Fig. 13: Legenda della carta di lettura dell’assetto formale con individuazione dell’organizzazione geometrica del paesaggio e delle strutture segniche.

Fig. 14: Carta dell’assetto formale (estratto) con individuazione dell’organizzazione geometrica del paesaggio e delle strutture segniche.

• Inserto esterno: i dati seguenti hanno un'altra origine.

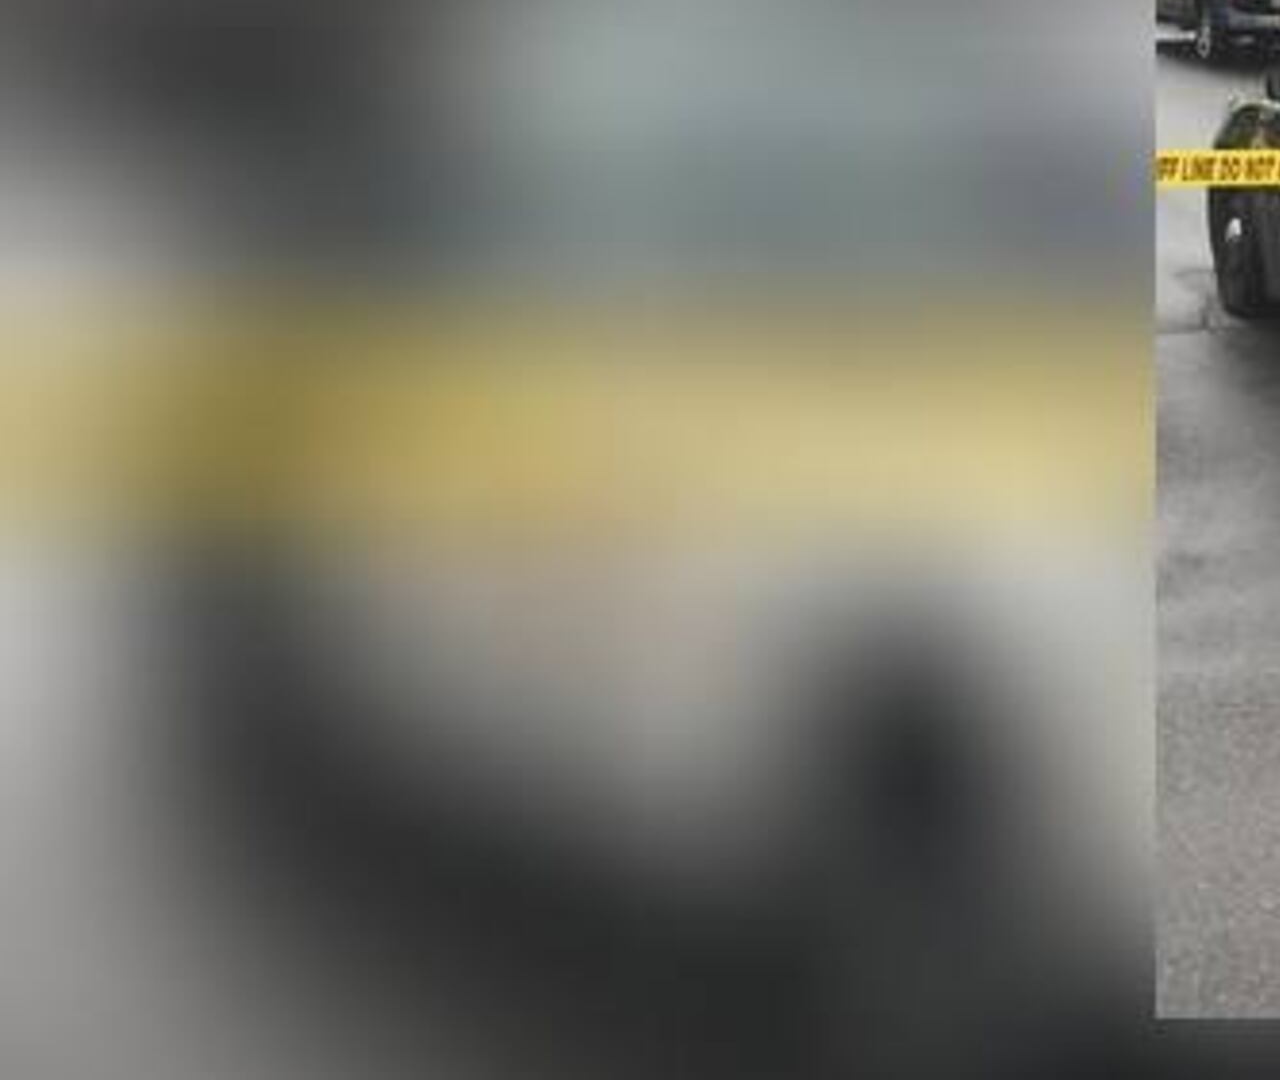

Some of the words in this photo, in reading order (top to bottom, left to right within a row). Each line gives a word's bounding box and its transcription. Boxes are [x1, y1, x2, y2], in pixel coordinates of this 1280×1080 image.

[1182, 156, 1216, 182] LINE
[1219, 156, 1242, 181] DO
[1245, 155, 1277, 180] NOT

L’analisi dei caratteri percettivi del paesaggio arricchisce il quadro di informazioni ricavato dalla precedente lettura introducendo il tema della percezione del paesaggio da parte di un soggetto in movimento che percorre gli itinerari più frequentati della regione

(figg. 15-16). Gli elementi evidenziati da questa analisi dinamica sono le caratteristiche dominanti dell’insieme percepito (equilibrato, contrastato, dominato da, complesso, di transito), le componenti visive emergenti (puntuali come singoli edifici, lineari come una cresta montana, o superficiali come un appezzamento coltivato circondato dal bosco), le visuali, le situazioni di bordo o “porte” di passaggio tra un ambiente e l’altro (creste e crinali, quinte con cambiamenti continui di visuale costituenti filtro o sbarramento visivo, fondali vicini e lontani). Tutti gli aspetti così rilevati concorrono infine ad attribuire un certo grado di densità di informazioni a ciascun insieme percepito.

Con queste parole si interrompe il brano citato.